Enhancing the Quality Start

First Pitch

I’d like to start off by asking a trivia question:

Who pitched better in 2015? Shelby Miller or Drew Hutchison?

 

Here’s a hint. Their records were 6-17 and 13-5, respectively.

I’m guessing that with this information you would be comfortable answering Drew Hutchison.

Here’s another hint. Their ERAs were 3.02 and 5.57, respectively. Yes, respectively. Same order.

I’m guessing now you may be reconsidering.

Here’s my point.

The notion that wins are sufficient to measure starting pitcher performance would be absurd in today’s game. First and foremost, it’s a statistic that’s heavily dependent on run support. Let’s take a closer look at our Miller-Hutch example. Shelby Miller played with the Atlanta Braves and only tallied 6 wins in 33 starts because he only received 2.54 RS/9 (run support per 9 innings) from the league’s worst offense. Meanwhile, Drew Hutchison played with the Toronto Blue Jays and tallied 13 wins in 28 starts behind 7.90 RS/9 from the league’s top offense.

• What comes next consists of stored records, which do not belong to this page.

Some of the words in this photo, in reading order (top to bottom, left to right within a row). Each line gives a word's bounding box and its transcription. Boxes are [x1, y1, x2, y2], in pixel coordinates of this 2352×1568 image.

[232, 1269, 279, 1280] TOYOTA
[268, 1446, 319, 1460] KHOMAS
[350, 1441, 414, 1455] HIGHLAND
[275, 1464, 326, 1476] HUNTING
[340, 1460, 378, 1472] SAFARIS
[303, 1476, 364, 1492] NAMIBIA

In case you missed it, the answer to the trivia question was Shelby Miller. He was an All-Star in 2015.

With the exception of pitchers like Madison Bumgarner or Shohei Ohtani, whose presence can be felt at the plate as well as the rubber, run support isn’t something a pitcher can really control. So why do we put so much emphasis on wins? Clearly, wins are the currency of the game. Winning the World Series is what it’s all about, but solely using wins to evaluate pitching performance is not the way to go. As you could see from the Miller-Hutch example, there are other statistics we can use to compare them. It’s safe to say ERA is the “go-to” ratio statistic, but if you’re hard-set on using a counting statistic, I’d suggest looking at the Quality Start. In our Miller-Hutch example, we’d find that Miller accumulated 21 QS (64% conversion rate) to Hutchison’s 9 QS (32% conversion rate). Further evidence that Miller had the better 2015.

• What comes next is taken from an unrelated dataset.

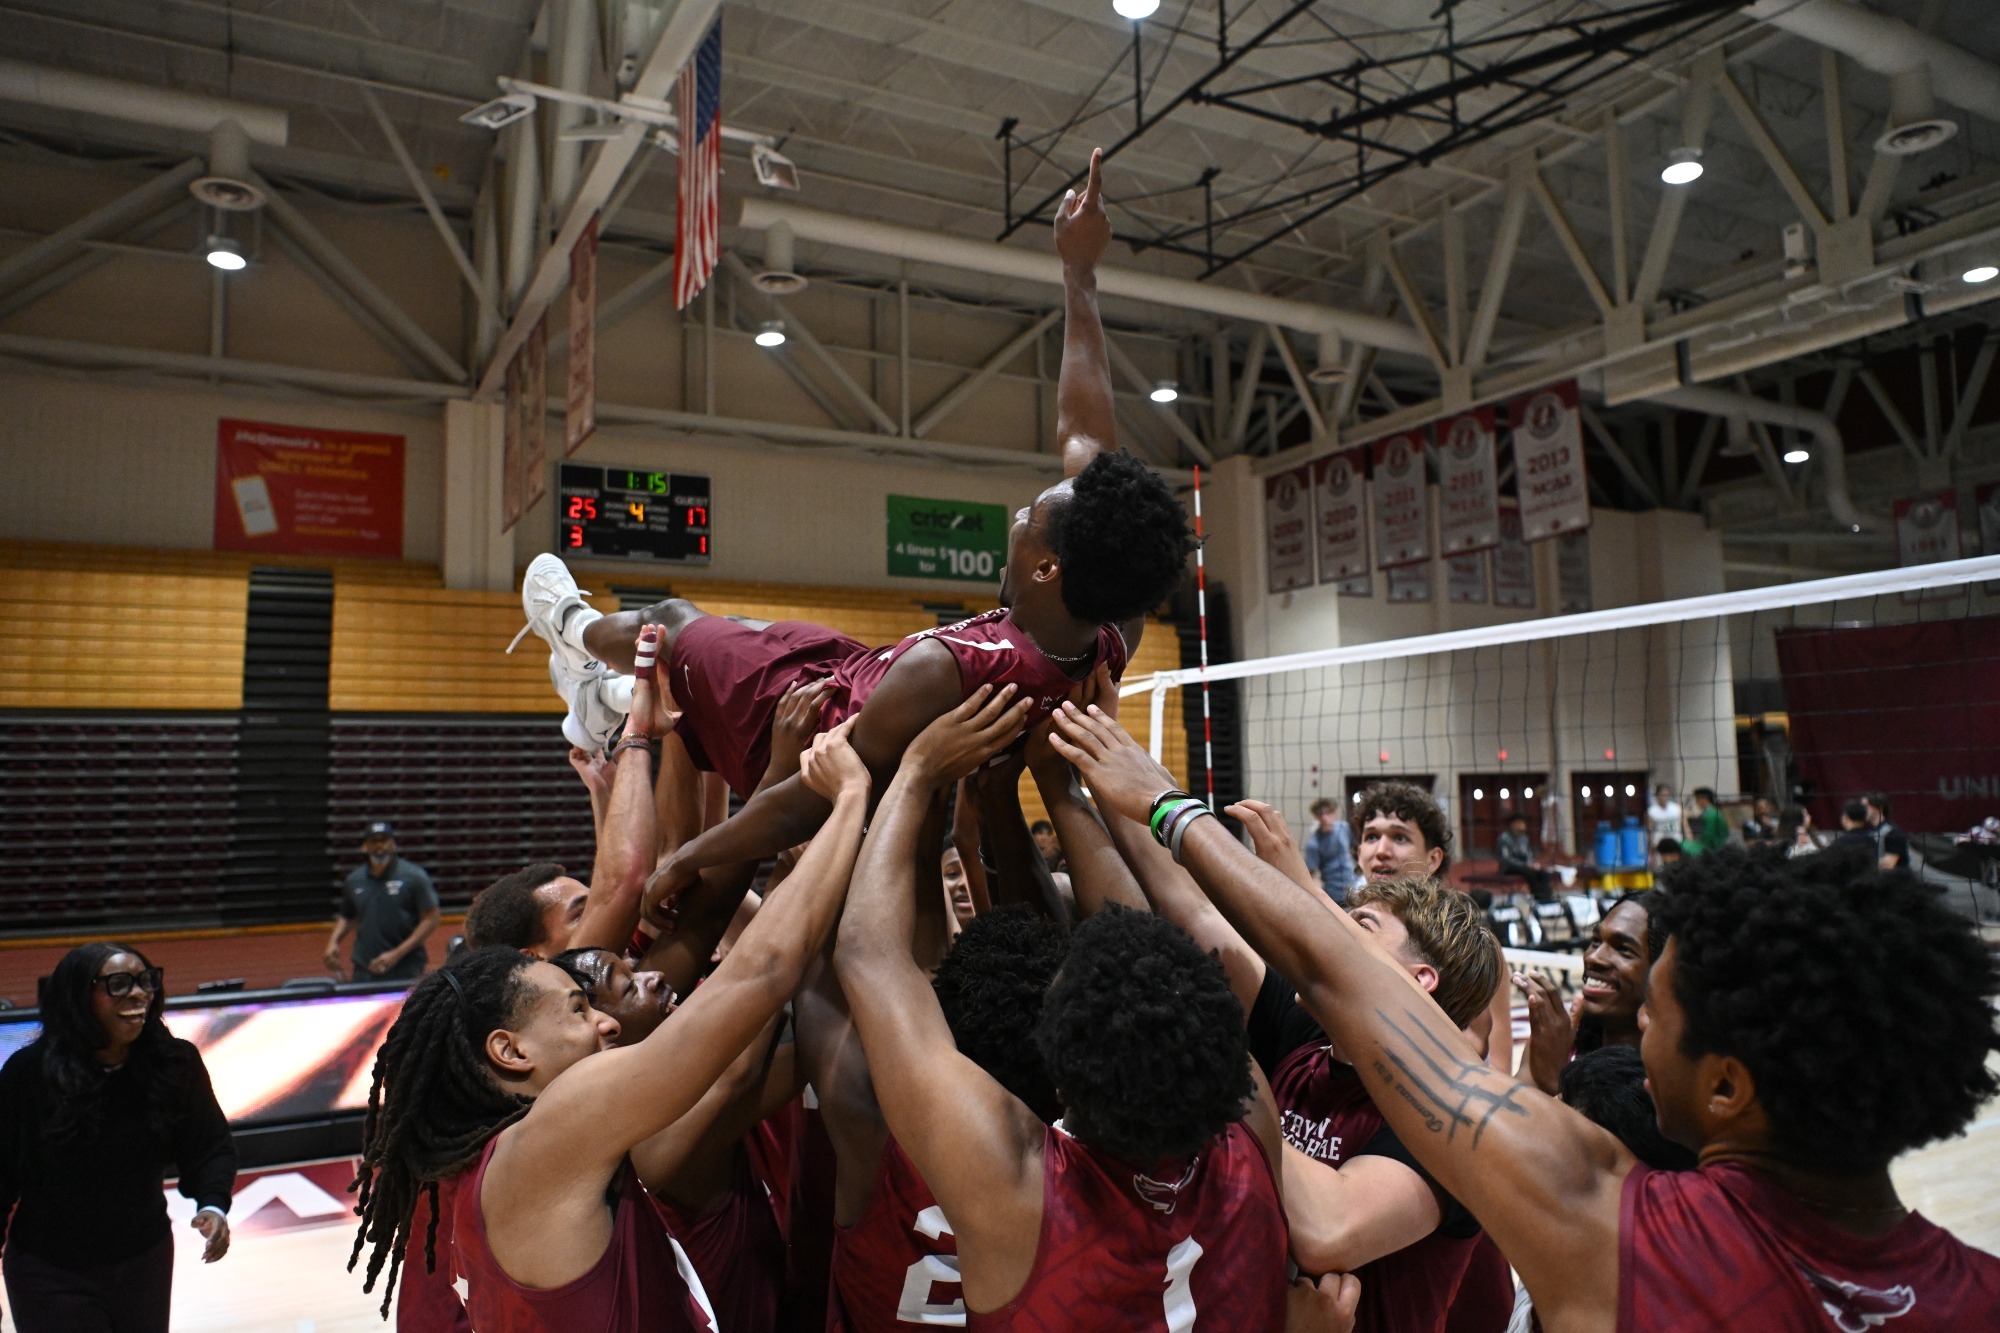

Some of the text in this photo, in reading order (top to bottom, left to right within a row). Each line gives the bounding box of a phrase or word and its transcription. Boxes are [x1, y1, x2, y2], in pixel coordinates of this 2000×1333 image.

Now… the Quality Start is far from a perfect statistic (it’s not even a sortable option in Fangraphs). The criteria are simple: (1) pitch at least 6 innings and (2) allow no more than 3 earned runs. However, these simple criteria don’t capture every quality performance, so just as the title of this article indicates, I decided to give the Quality Start an enhancement.

Methodology

I’ve looked at many statistics that measure pitching performance, and I’ve noticed that very few incorporate run expectancy. One statistic that does is RE24 (Run Expectancy based on 24 base-out states) for both hitters and pitchers, but why not use run expectancy to create a new set of criteria for the Quality Start?

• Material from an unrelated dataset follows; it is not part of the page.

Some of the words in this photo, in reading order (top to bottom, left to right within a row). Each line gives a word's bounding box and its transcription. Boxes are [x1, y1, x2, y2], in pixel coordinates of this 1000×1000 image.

Rather than award a pitcher a Quality Start for pitching at least 6 innings while allowing 3 earned runs or less, I propose a quality start should be awarded if the pitcher performs better than the league average, i.e. you should expect a lead at the end of the inning in which the starter leaves the game.

This can be determined with the following formula:

PPS = (LARA * IP) - (RA + ERC)

where PPS stands for “Pitching Performance Score”, LARA is the league-average runs allowed per inning, IP is the innings pitched (rounding up if the starter can’t finish an inning), RA is the runs the starter has allowed the moment he leaves the game, and ERC is the expected number of runs we charge the starter if he can’t finish the inning. By definition, the PPS is the difference between the number of runs a league average pitcher would allow in the same number of innings and the expected number of runs the starter allows. Essentially, it’s the number of runs you can expect to be leading by (or trailing by if PPS is negative) at the end of the inning in which the starter leaves the game. If PPS is positive, the starter is credited with an “enhanced” Quality Start (eQS). If PPS is negative, then he does not recieve credit.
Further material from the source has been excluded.